Wie der bayerische Wirtschafts- und Energieminister Hubert Aiwanger sagte, soll das Verfahren „so unkompliziert wie möglich“ gestaltet werden. Dazu sollen gezielt Spielräume zur Vereinfachung ausgeschöpft und Synergieeffekte genutzt werden. Ein Instrument dabei soll laut dem Minister die gemeinschaftliche Erstellung gemeindeübergreifender Wärmepläne sein. So ließen sich Wärmepotenziale auch über Gemeindegrenzen hinweg nutzen.
Aus dem bayerischen Wirtschaftsministerium heißt es dazu, dass sich einheimische Energiepotenziale, beispielsweise die in und um München verbreitete Tiefengeothermie, so überhaupt erst wirtschaftlich erschließen oder zumindest effizient nutzen ließen. Wirtschaftsminister Aiwanger: „Gleichzeitig wird die Planungsaufgabe auf mehrere Schultern verteilt, was vor allem für die vielen kleineren Gemeinden eine Erleichterung schafft“.

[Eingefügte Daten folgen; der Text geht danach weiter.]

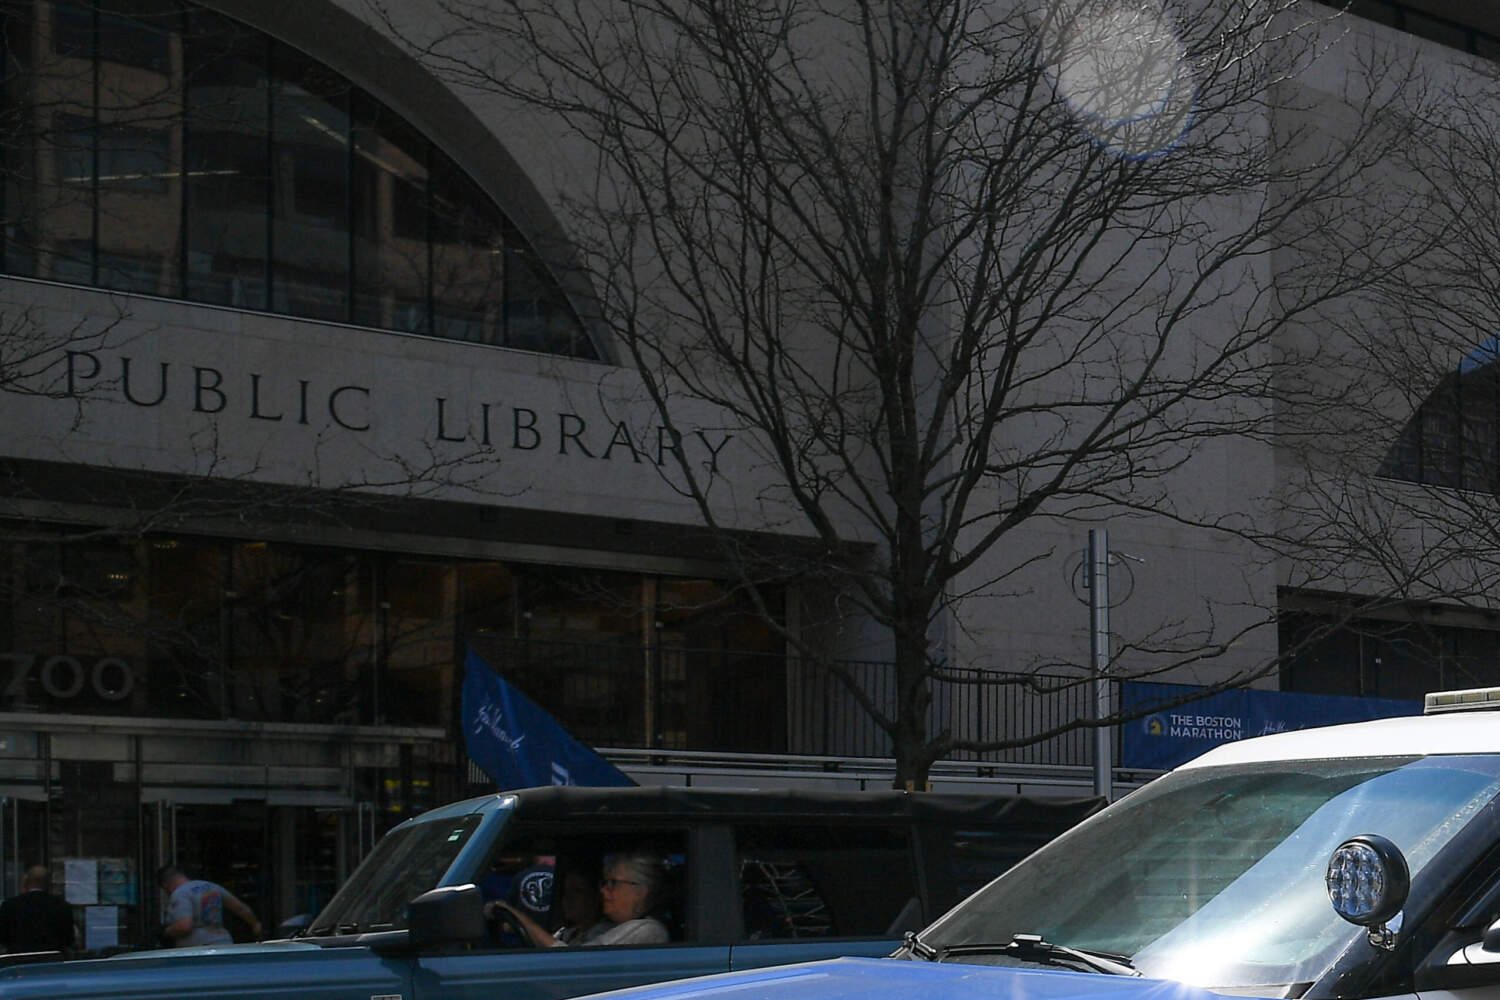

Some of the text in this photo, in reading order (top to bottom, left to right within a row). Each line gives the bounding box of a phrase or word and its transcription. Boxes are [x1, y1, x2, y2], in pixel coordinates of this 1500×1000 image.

Laut Aiwanger sei der Zusammenschluss einzelner Gemeinden zu „Planungskonvois“ eine sinnvolle vorbereitende Maßnahme für die Wärmeplanung. Es sei aber oft schwierig, die nötigen energiefachlichen Informationen über die Gemeindegrenze hinaus zu erhalten. „Andererseits stellt genau dies eine entscheidende Grundlage für die Bildung von Planungskonvois dar.“
Zur Behebung dieses Informationsdefizits will das bayerische Wirtschaftsministerium Kurz-Gutachten zur Planung eines geeigneten Konvois „mit bis zu 80 Prozent der Kosten fördern“. So bekämen die Kommunen eine qualifizierte Entscheidungsgrundlage, ob und in welcher Kulisse ein Zusammenschluss empfehlenswert sei.